▶ [WHAT IS NEEDED]: Repeat the records below verbatim and include no pictures.

Saved entries:
-*-
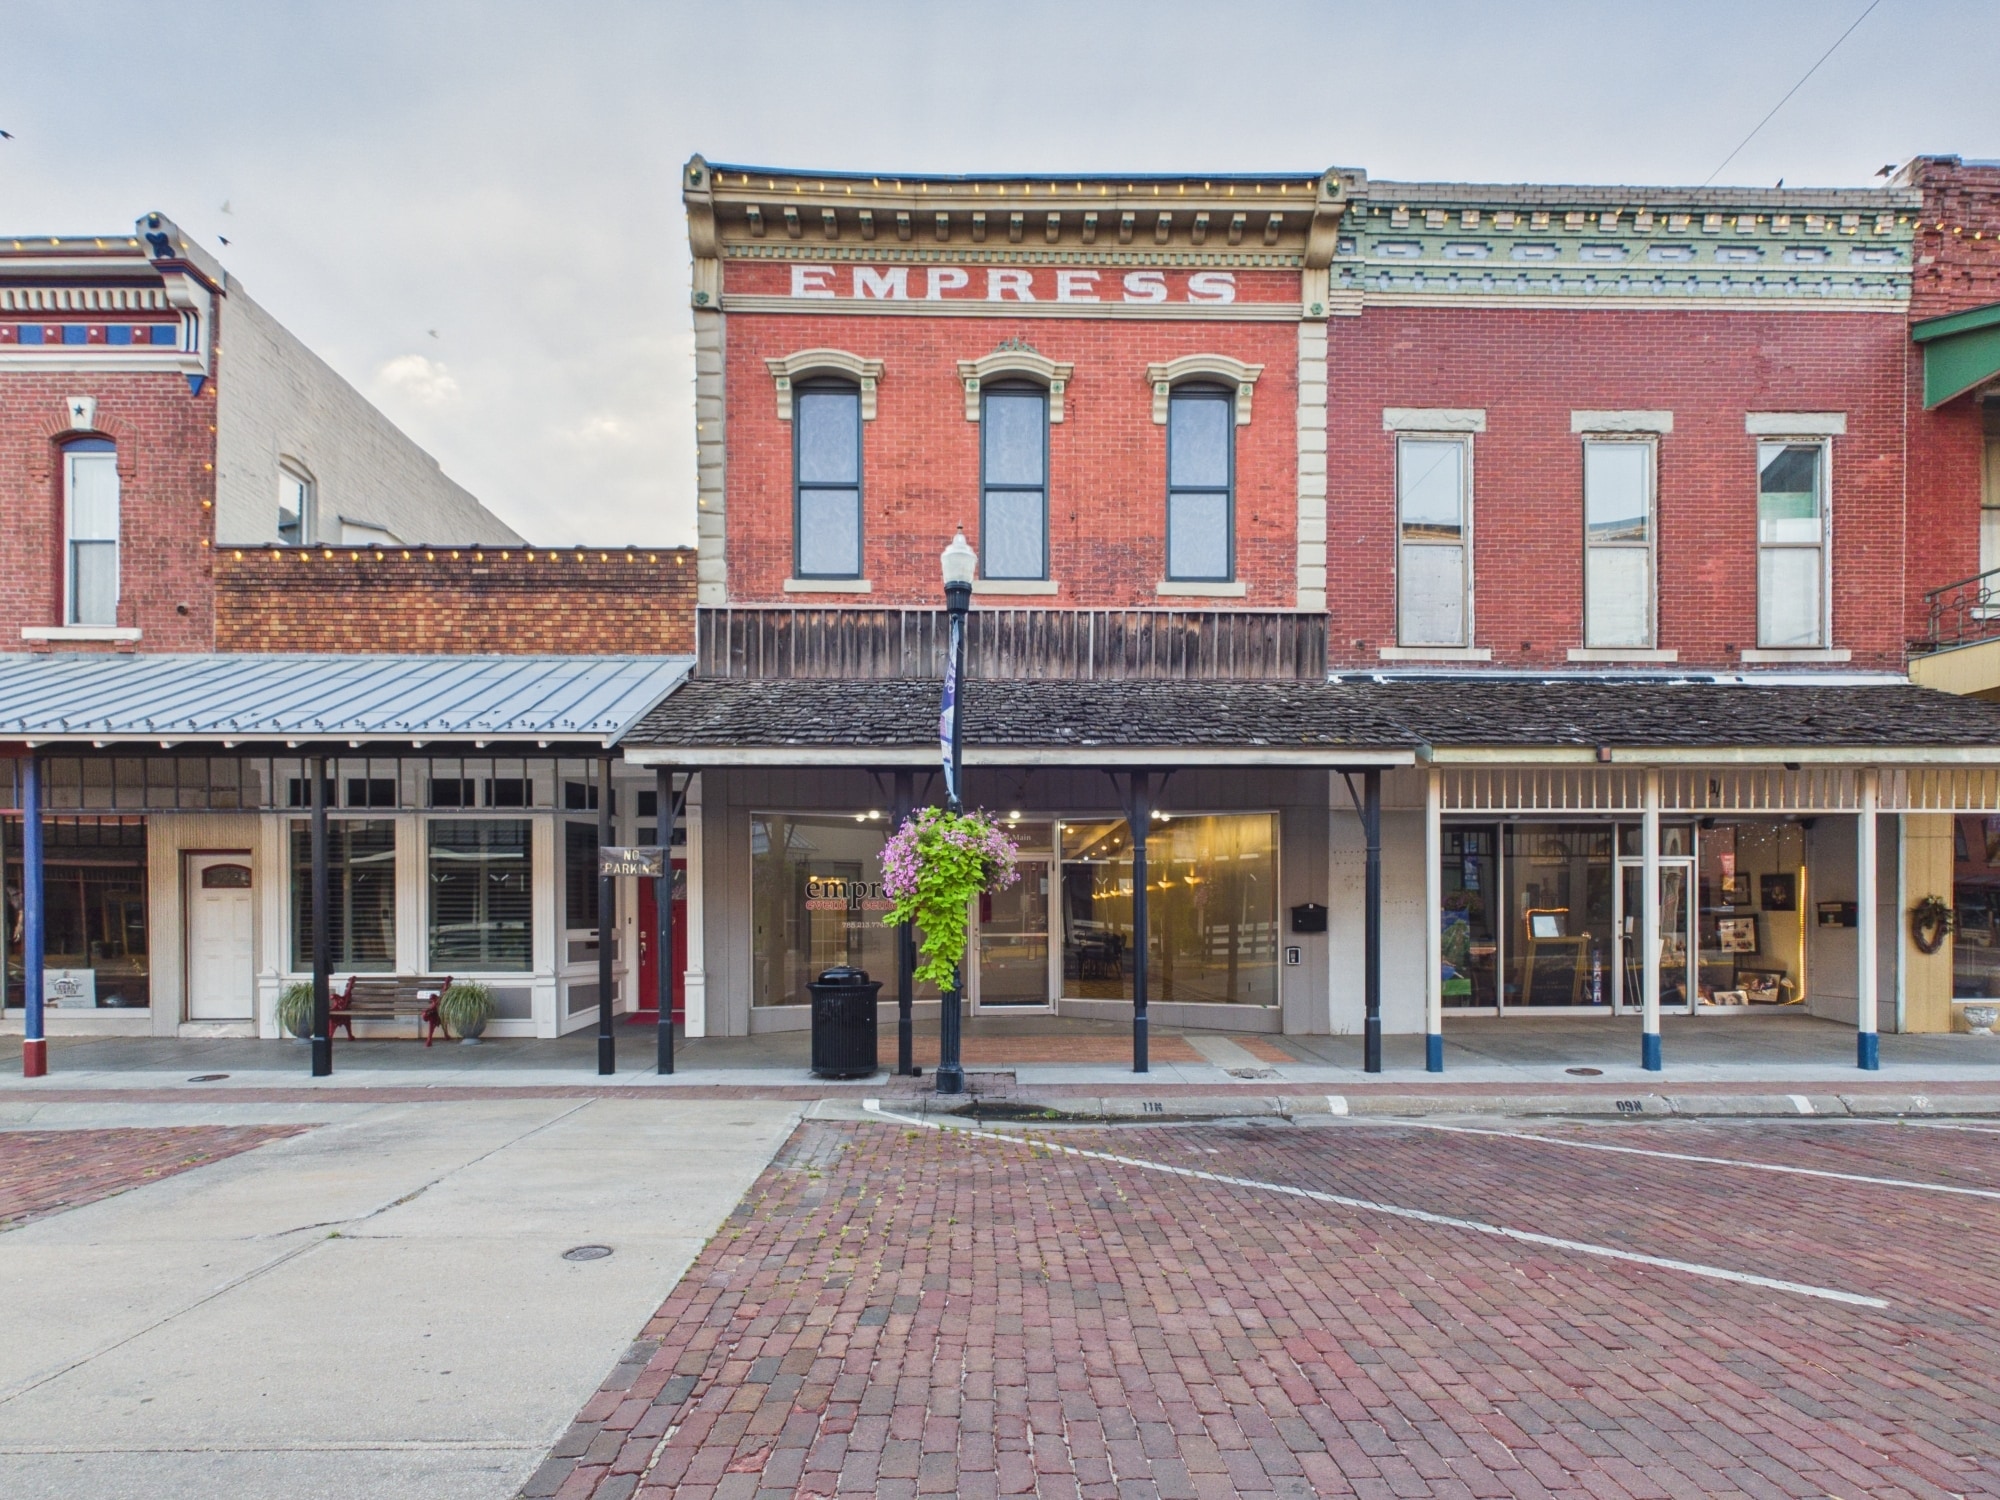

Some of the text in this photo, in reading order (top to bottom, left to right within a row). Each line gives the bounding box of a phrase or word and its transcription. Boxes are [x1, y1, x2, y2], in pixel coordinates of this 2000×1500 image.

[790, 264, 1238, 305] EMPRESS
[623, 849, 640, 861] NO
[805, 899, 847, 911] event
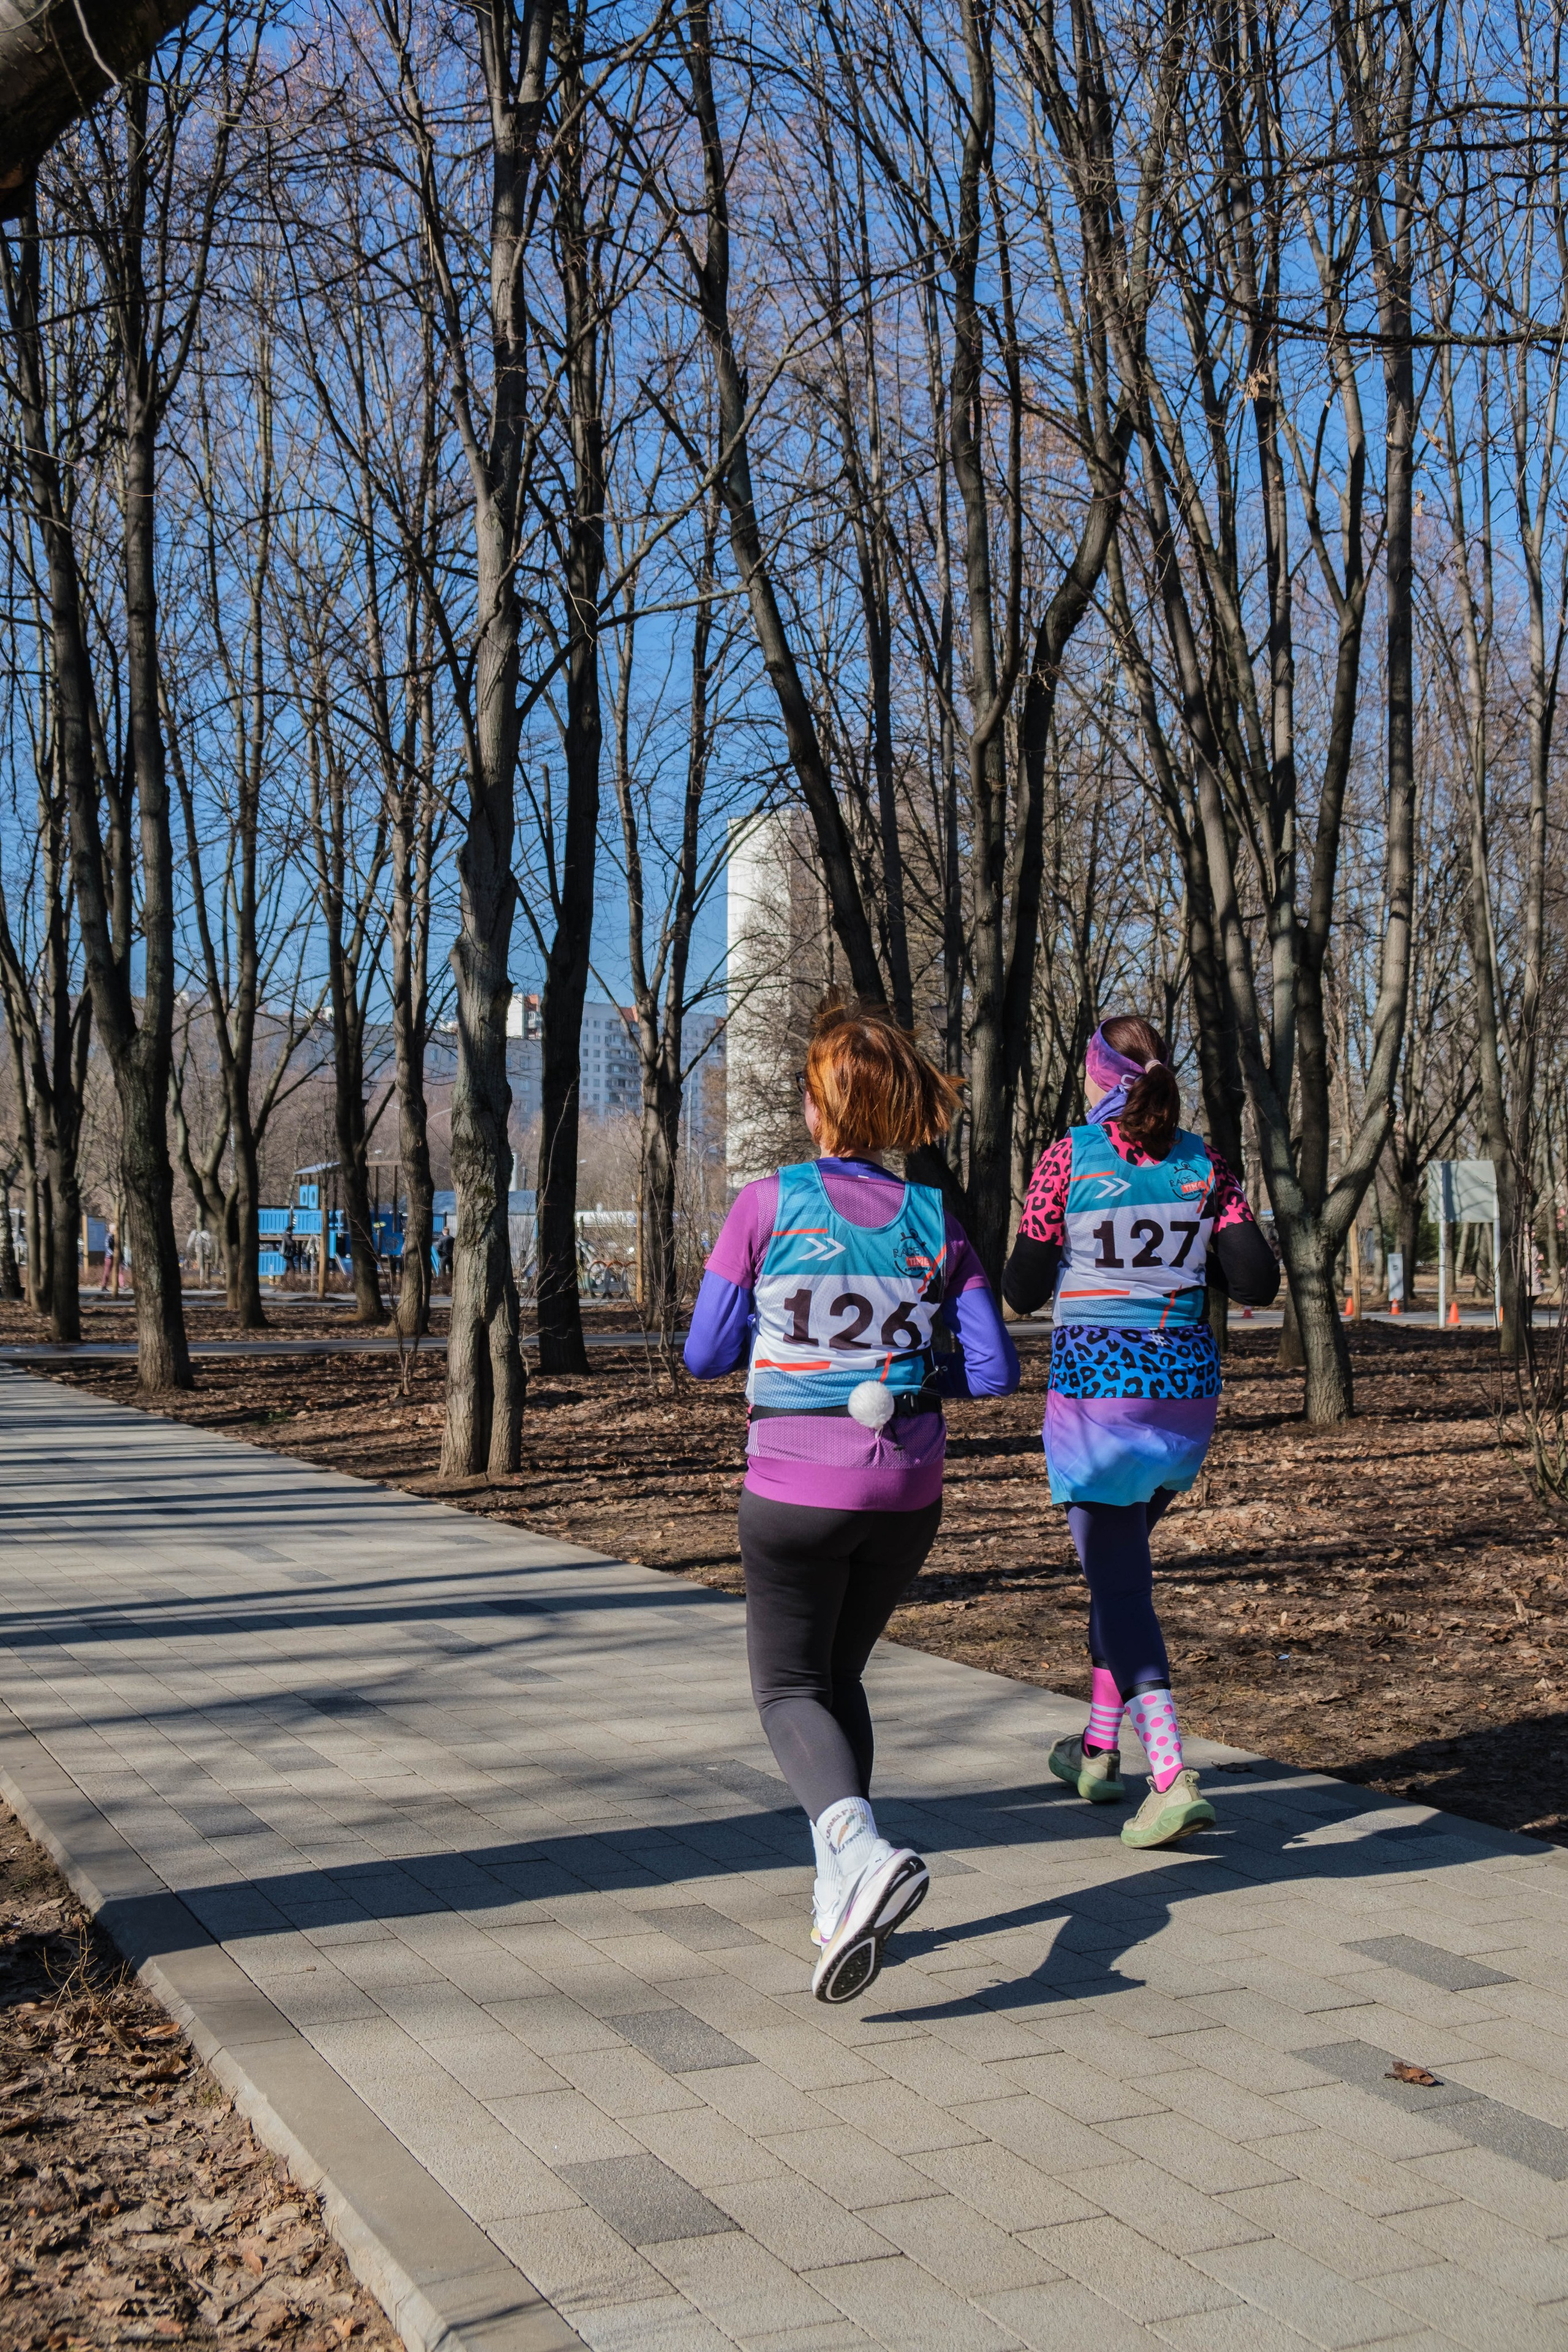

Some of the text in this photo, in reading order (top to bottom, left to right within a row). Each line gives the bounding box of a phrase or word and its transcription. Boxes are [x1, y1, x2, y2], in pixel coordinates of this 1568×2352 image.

[1169, 1175, 1193, 1188] RACE
[1183, 1182, 1202, 1193] TIME
[1093, 1219, 1200, 1268] 127
[892, 1246, 920, 1258] RACE
[908, 1256, 930, 1267] TIME
[783, 1289, 922, 1351] 126
-*-
▶ [YOUR RESPONSE]:
Some of the text in this photo, in reading order (top to bottom, left to right within a row). Each line gives the bounding box of a phrase or word and its transcription. Boxes are [x1, y1, x2, y2], in pixel coordinates of this 2000×1500 image.

[790, 264, 1238, 305] EMPRESS
[623, 849, 640, 861] NO
[805, 899, 847, 911] event

Some of the text in this photo, in reading order (top to bottom, left to right within a row). Each line gives the bounding box of a phrase or word and its transcription. Boxes are [x1, y1, x2, y2], in pixel coordinates of this 1568×2352 image.

[1169, 1175, 1193, 1188] RACE
[1183, 1182, 1202, 1193] TIME
[1093, 1219, 1200, 1268] 127
[892, 1246, 920, 1258] RACE
[908, 1256, 930, 1267] TIME
[783, 1289, 922, 1351] 126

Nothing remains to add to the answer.